GARDNER: Well, because I think there were, they wanted to get over
in, ----------(??) close to the meeting room as possible.
PETER: Um-hm.
GARDNER: And as I recall, the issue, whether or not, you know,
the, the, the doors would stay open and the meeting would be
----------(??) was still(??).
PETER: Is any connection in your mind drawn between what happened, or,
say(??), the events on the eighteenth floor, and, and the rally later
on that night?
GARDNER: Well, the events on the eighteenth floor had an awful lot
of people upset.
PETER: Right.
GARDNER: You know, and again, to get pummeled by a plastic ----------(??)----------.
PETER: Um-hm.
GARDNER: Sort of an instant radicalization when suddenly the, you know, people
00:21:00started swinging bill-, billy clubs--
PETER: --um-hm--
GARDNER: --actually you tend to.
PETER: Um-hm. Was, was the call for the evening rally, uh,
oh, was that made at that time?
GARDNER: I can't(??)--
PETER: --um-hm--
GARDNER: -- ----------(??). I really, really cannot.

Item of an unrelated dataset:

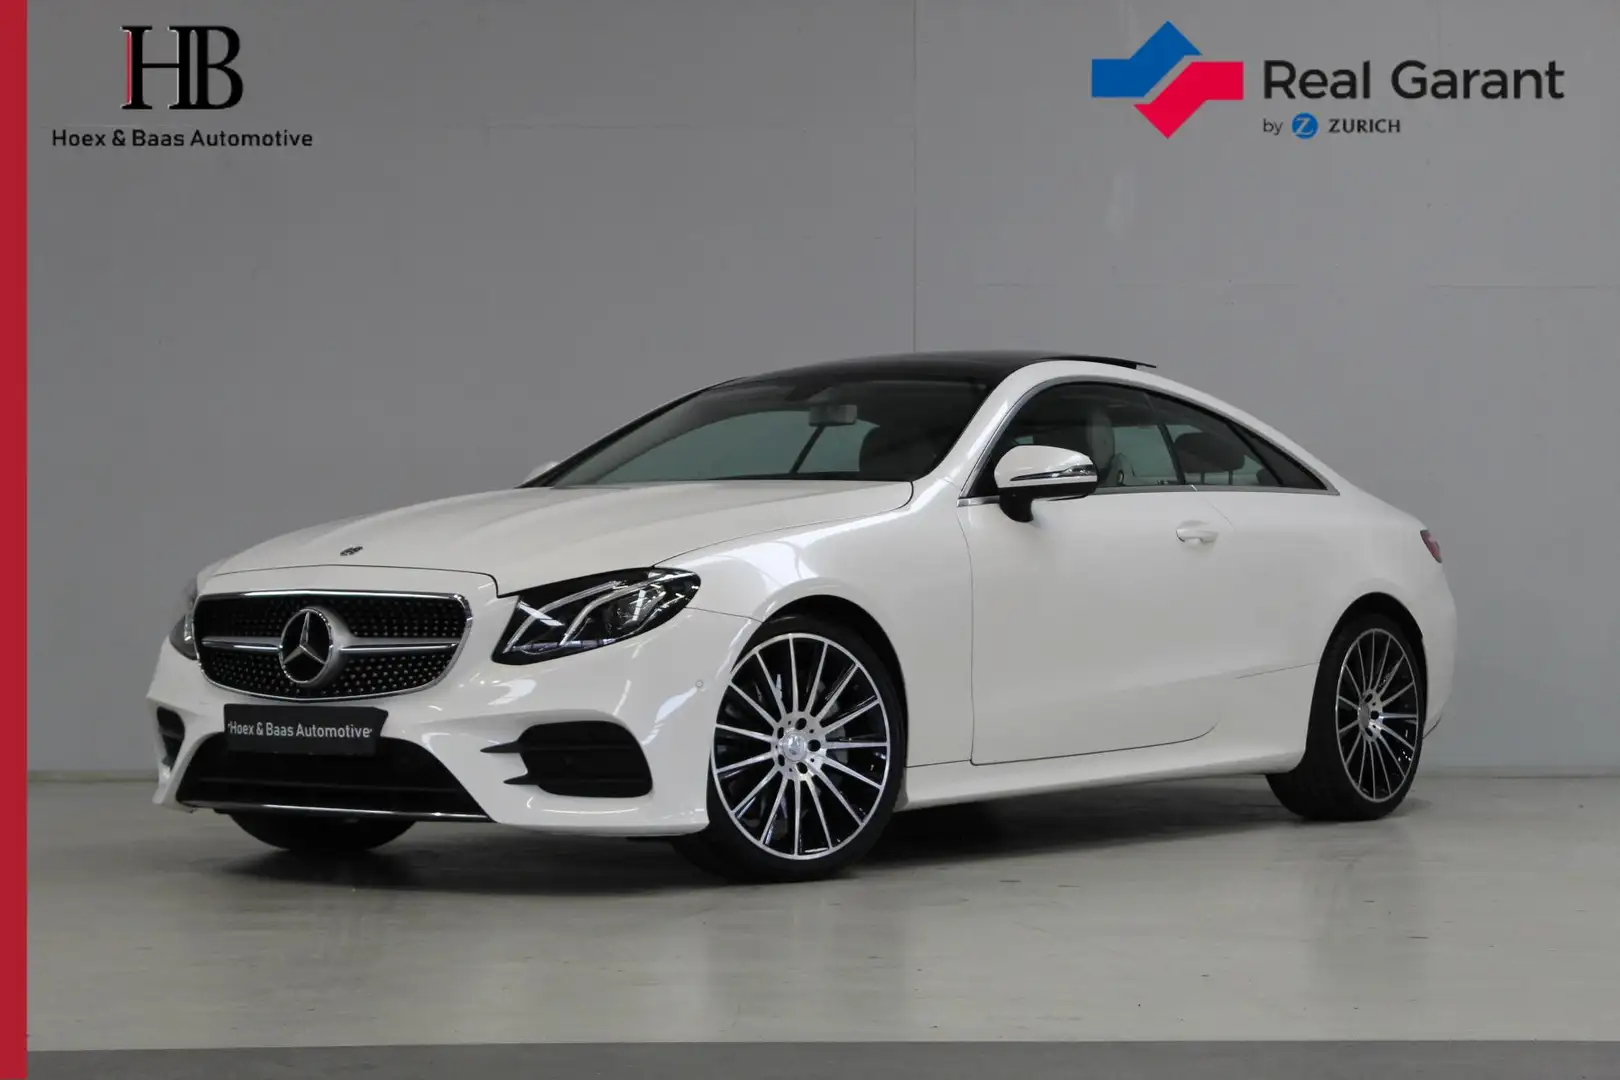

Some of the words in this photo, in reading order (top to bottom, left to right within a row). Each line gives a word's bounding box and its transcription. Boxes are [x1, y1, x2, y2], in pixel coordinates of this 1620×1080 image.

[229, 720, 255, 735] Hoex
[256, 722, 264, 736] &
[266, 722, 294, 737] Baas
[296, 723, 371, 738] Automotive

PETER: Right, okay. Well, let's move on--
GARDNER: --but I know that one, that later--
PETER: --um-hm--
GARDNER: --the, the administration, um, and the, and, and Nunn attempted to,
to draw a connection.
PETER: Hm.
GARDNER: That they, they used the--
PETER: --right--
GARDNER: --the, the events on the eighteenth floor as partial justification for
their calling in the troops.
PETER: Calling of the guard, yeah.
GARDNER: And this, this came up at the, at, at the trial.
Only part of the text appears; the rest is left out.